Cybercriminals have certainly upped their game in sniffing out unprotected databases. Recently, a leaky database at a digital design website has risked the sensitive details of its users. In other news, Acer disclosed a hacking incident that resulted in a leak of gigabytes of data. Moreover, researchers reported an ad-blocker that makes way for ads. On that note, let’s dive in for the top ten cybersecurity highlights from the past 24 hours.
01
Thingiverse, a platform for sharing user-created digital design files, exposed a 36GB MySQL database containing 228,000 unique email addresses and user PII.
02
Acer confirmed being hit by a security breach after hackers put over 60GB of company data, including customer details and login information, on sale on an infamous underground forum.
03
Hackers infiltrated the networks of Verizon-owned wireless carrier Visible and accessed customer accounts and changed pin and shipping addresses. The victim has urged users to change passwords.
04
Juniper Threat Labs spotted Necro botnet, aka FreakOut, targeting a flaw in Visual Tools DVR systems and deploying Monero miners on compromised systems.
05
Symantec Threat Hunter uncovered a new strain of ransomware, dubbed Yanluowang, targeting virtual machines in enterprises. Hackers further warned not to approach law enforcement for help.
06
Imperva stumbled across a browser extension called AllBlock that claims to block ads but also runs a background script—in every tab opened—to inject ads on Chrome or Opera.
07
The U.K's NCSC released updated guidance for employees using their personal devices for work.
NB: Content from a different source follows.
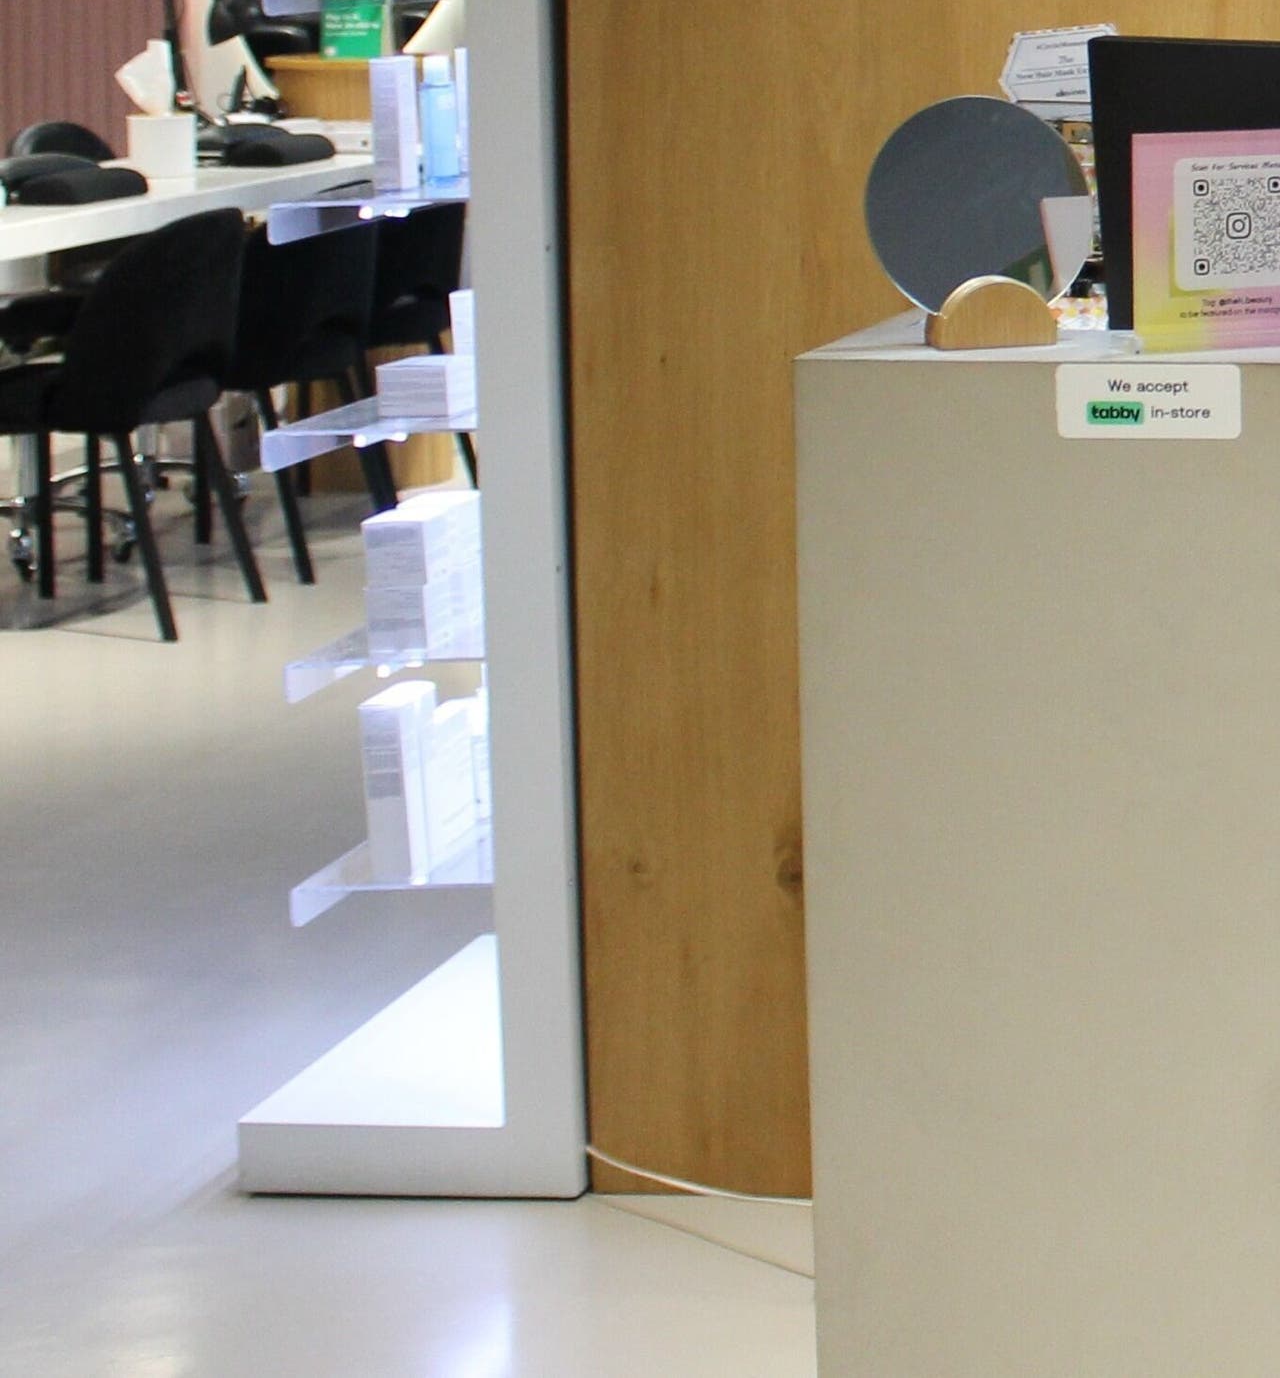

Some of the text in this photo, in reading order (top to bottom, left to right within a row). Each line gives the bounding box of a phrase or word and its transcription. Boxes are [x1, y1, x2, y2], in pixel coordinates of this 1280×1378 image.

[1108, 380, 1189, 396] We accept
[1091, 405, 1211, 422] tabby in-store
It encompasses the zero trust architectural approach and security challenges with BYOD.
08
According to a new report from Approov, APIs used in Fast Healthcare Interoperability and Resources (FHIR) apps are vulnerable to abuse, putting 4 million patient and clinician records at risk.
09
At-Bay, a cyber insurance company, secured $20 million in Series D extension funding from ION Crossover Partners, which joins other previous Series D investors.
10
Boston-based Black Kite, a third-party cyber risk rating firm, raised $22 million in Series B round led by Volition Capital, with participation from existing investors.